China A50 Outlook

Markets are just waiting

A more encouraging China story is required to further boost its equity market and overall sentiment.

China equity markets have a comeback since late January thanks to the consistent policy support from central and local government.

China A50 (CHINAA50), an index of the 50 companies with the highest market capitalization listed on the Shanghai and Shenzhen stock exchange, added 9% YTD and jumped nearly 18% from January low. This trend is shared by other China proxies like MSCI China index, CSI300 and Hang Seng.

While the momentum is not as strong as Nasdaq or Hang Seng over the same period, A50 has showed at least some progress after years of weakness.

Not Good Enough Fundamentally

China’s official Manufacturing PMI unexpectedly dropped back below 50 in May after two months of expansion, missing the expectation of 50.5. While the annualized GDP growth rate has been above 5% for four consecutive quarters, the slowdown of manufacturing sector has put China’s economy under reality check again.
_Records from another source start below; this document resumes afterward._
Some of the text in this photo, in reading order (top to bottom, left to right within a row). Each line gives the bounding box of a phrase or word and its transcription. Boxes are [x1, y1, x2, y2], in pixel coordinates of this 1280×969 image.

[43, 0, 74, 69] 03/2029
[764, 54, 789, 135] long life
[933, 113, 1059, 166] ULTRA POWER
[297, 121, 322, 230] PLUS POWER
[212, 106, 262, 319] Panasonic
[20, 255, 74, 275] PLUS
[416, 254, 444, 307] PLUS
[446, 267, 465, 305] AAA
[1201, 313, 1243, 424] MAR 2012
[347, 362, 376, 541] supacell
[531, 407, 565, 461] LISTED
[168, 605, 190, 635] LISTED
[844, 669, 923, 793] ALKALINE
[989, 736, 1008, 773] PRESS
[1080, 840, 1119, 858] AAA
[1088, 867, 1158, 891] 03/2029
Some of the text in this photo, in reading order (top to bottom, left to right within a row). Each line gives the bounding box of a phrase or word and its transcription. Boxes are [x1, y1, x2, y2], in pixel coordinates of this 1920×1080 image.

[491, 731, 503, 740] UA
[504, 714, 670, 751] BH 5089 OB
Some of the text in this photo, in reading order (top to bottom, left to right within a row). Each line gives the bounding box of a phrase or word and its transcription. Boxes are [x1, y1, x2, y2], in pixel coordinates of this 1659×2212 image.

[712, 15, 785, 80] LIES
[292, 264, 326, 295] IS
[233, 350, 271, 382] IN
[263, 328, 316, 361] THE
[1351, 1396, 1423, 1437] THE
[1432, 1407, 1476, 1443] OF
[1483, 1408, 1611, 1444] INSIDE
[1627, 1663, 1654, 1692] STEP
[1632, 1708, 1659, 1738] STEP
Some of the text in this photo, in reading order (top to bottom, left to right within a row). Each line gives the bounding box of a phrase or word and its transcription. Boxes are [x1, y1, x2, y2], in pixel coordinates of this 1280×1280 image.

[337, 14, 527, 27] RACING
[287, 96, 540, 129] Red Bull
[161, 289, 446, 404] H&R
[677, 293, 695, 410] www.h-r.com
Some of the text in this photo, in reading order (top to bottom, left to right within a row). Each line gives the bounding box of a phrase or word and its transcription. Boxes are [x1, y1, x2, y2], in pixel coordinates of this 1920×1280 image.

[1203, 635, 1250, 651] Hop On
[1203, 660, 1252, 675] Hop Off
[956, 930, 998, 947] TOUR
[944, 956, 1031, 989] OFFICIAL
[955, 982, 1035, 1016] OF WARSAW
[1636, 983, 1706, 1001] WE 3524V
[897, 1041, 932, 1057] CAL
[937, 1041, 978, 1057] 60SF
China has delivered tons of stimulus measures post-Covid (including the official property market rescue package released mid-May), with the result far from being satisfactory. The newly added social financing in April has turned negative for the first time since 2005. And more concerning is the growth rate of Total Social Financing keeps declining since mid-2022, which indicated the capital fails to flow into real economy or the demand is subdued. The Deposits de-accelerated even more quickly since 2023, not helping the consumption.

Deposit of households

The stock market performance in recent months, in my opinion, is not matched by China’s fundamental picture. The old-fashioned rate cut or RRR cut remain in PBOC’s toolbox and more fiscal stimulus is underway. The market, however, need something more than that.

Lower Valuation

A50 is not the index that comes with the strongest momentum or return over the past 3, 6 or 12 months. However, mainland China has the lowest valuation (P/E) among the major economies.

Performance and Valuation

More interesting, China’s stock market valuation to GDP ratio (Buffett Indicator) is less than 60%, vs 154% in Japan and 187% in the US. And the Equity Risk Premium or ERP for China market (forward P/E of Shanghai A-Share minus Chinese 10-year bond yield) is sitting at 7%, vs near 0 in the US. 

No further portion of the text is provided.